(What to do):
Every line of the material must appear in the answer exactly as it does here.

(Entries provided):

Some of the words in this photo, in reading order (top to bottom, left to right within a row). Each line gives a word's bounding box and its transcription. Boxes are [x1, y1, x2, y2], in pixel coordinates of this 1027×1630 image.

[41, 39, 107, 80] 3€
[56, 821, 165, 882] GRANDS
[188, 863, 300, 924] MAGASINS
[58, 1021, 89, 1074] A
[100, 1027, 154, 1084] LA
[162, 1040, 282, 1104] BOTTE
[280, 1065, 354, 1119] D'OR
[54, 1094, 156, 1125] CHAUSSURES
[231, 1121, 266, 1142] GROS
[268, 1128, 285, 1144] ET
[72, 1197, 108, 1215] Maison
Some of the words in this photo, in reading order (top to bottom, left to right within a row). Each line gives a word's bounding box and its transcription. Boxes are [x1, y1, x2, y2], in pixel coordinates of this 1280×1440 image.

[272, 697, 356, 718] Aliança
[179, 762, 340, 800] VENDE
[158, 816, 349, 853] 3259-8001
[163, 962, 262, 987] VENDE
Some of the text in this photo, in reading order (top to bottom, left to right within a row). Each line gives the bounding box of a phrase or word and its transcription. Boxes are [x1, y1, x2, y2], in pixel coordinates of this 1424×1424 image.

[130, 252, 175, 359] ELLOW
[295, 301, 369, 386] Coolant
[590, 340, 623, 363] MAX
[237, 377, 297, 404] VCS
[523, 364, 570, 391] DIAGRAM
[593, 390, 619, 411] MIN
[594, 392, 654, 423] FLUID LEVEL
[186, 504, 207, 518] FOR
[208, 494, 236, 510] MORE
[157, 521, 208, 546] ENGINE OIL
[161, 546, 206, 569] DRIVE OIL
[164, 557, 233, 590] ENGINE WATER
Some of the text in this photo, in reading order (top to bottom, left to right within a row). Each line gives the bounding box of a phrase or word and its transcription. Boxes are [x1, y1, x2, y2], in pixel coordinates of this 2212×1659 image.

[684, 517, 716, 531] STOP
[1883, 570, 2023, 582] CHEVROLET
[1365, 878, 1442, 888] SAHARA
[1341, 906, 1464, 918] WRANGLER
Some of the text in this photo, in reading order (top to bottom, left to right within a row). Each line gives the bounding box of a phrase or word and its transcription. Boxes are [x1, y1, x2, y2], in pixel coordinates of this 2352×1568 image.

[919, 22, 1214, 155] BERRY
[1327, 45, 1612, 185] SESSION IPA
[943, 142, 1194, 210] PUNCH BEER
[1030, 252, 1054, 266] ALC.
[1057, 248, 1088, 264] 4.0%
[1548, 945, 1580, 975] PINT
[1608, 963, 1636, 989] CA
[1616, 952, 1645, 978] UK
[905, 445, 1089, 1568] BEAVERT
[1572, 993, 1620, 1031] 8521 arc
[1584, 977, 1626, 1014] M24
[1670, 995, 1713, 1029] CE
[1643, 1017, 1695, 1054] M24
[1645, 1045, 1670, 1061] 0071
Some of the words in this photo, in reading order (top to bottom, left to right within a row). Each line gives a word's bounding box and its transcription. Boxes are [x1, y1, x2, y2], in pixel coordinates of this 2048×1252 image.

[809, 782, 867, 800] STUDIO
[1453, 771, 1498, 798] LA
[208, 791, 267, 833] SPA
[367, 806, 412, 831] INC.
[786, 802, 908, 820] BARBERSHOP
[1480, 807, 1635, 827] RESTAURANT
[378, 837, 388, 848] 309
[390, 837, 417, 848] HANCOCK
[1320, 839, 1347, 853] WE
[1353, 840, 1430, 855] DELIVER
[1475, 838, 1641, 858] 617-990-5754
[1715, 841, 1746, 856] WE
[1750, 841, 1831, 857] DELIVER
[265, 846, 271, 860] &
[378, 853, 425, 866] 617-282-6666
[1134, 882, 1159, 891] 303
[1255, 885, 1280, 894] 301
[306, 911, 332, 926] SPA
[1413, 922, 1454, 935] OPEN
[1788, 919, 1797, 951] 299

(Expected answer):
Some of the words in this photo, in reading order (top to bottom, left to right within a row). Each line gives a word's bounding box and its transcription. Boxes are [x1, y1, x2, y2], in pixel coordinates of this 1027×1630 image.

[41, 39, 107, 80] 3€
[56, 821, 165, 882] GRANDS
[188, 863, 300, 924] MAGASINS
[58, 1021, 89, 1074] A
[100, 1027, 154, 1084] LA
[162, 1040, 282, 1104] BOTTE
[280, 1065, 354, 1119] D'OR
[54, 1094, 156, 1125] CHAUSSURES
[231, 1121, 266, 1142] GROS
[268, 1128, 285, 1144] ET
[72, 1197, 108, 1215] Maison
Some of the words in this photo, in reading order (top to bottom, left to right within a row). Each line gives a word's bounding box and its transcription. Boxes are [x1, y1, x2, y2], in pixel coordinates of this 1280×1440 image.

[272, 697, 356, 718] Aliança
[179, 762, 340, 800] VENDE
[158, 816, 349, 853] 3259-8001
[163, 962, 262, 987] VENDE
Some of the text in this photo, in reading order (top to bottom, left to right within a row). Each line gives the bounding box of a phrase or word and its transcription. Boxes are [x1, y1, x2, y2], in pixel coordinates of this 1424×1424 image.

[130, 252, 175, 359] ELLOW
[295, 301, 369, 386] Coolant
[590, 340, 623, 363] MAX
[237, 377, 297, 404] VCS
[523, 364, 570, 391] DIAGRAM
[593, 390, 619, 411] MIN
[594, 392, 654, 423] FLUID LEVEL
[186, 504, 207, 518] FOR
[208, 494, 236, 510] MORE
[157, 521, 208, 546] ENGINE OIL
[161, 546, 206, 569] DRIVE OIL
[164, 557, 233, 590] ENGINE WATER
Some of the text in this photo, in reading order (top to bottom, left to right within a row). Each line gives the bounding box of a phrase or word and its transcription. Boxes are [x1, y1, x2, y2], in pixel coordinates of this 2212×1659 image.

[684, 517, 716, 531] STOP
[1883, 570, 2023, 582] CHEVROLET
[1365, 878, 1442, 888] SAHARA
[1341, 906, 1464, 918] WRANGLER
Some of the text in this photo, in reading order (top to bottom, left to right within a row). Each line gives the bounding box of a phrase or word and its transcription. Boxes are [x1, y1, x2, y2], in pixel coordinates of this 2352×1568 image.

[919, 22, 1214, 155] BERRY
[1327, 45, 1612, 185] SESSION IPA
[943, 142, 1194, 210] PUNCH BEER
[1030, 252, 1054, 266] ALC.
[1057, 248, 1088, 264] 4.0%
[1548, 945, 1580, 975] PINT
[1608, 963, 1636, 989] CA
[1616, 952, 1645, 978] UK
[905, 445, 1089, 1568] BEAVERT
[1572, 993, 1620, 1031] 8521 arc
[1584, 977, 1626, 1014] M24
[1670, 995, 1713, 1029] CE
[1643, 1017, 1695, 1054] M24
[1645, 1045, 1670, 1061] 0071
Some of the words in this photo, in reading order (top to bottom, left to right within a row). Each line gives a word's bounding box and its transcription. Boxes are [x1, y1, x2, y2], in pixel coordinates of this 2048×1252 image.

[809, 782, 867, 800] STUDIO
[1453, 771, 1498, 798] LA
[208, 791, 267, 833] SPA
[367, 806, 412, 831] INC.
[786, 802, 908, 820] BARBERSHOP
[1480, 807, 1635, 827] RESTAURANT
[378, 837, 388, 848] 309
[390, 837, 417, 848] HANCOCK
[1320, 839, 1347, 853] WE
[1353, 840, 1430, 855] DELIVER
[1475, 838, 1641, 858] 617-990-5754
[1715, 841, 1746, 856] WE
[1750, 841, 1831, 857] DELIVER
[265, 846, 271, 860] &
[378, 853, 425, 866] 617-282-6666
[1134, 882, 1159, 891] 303
[1255, 885, 1280, 894] 301
[306, 911, 332, 926] SPA
[1413, 922, 1454, 935] OPEN
[1788, 919, 1797, 951] 299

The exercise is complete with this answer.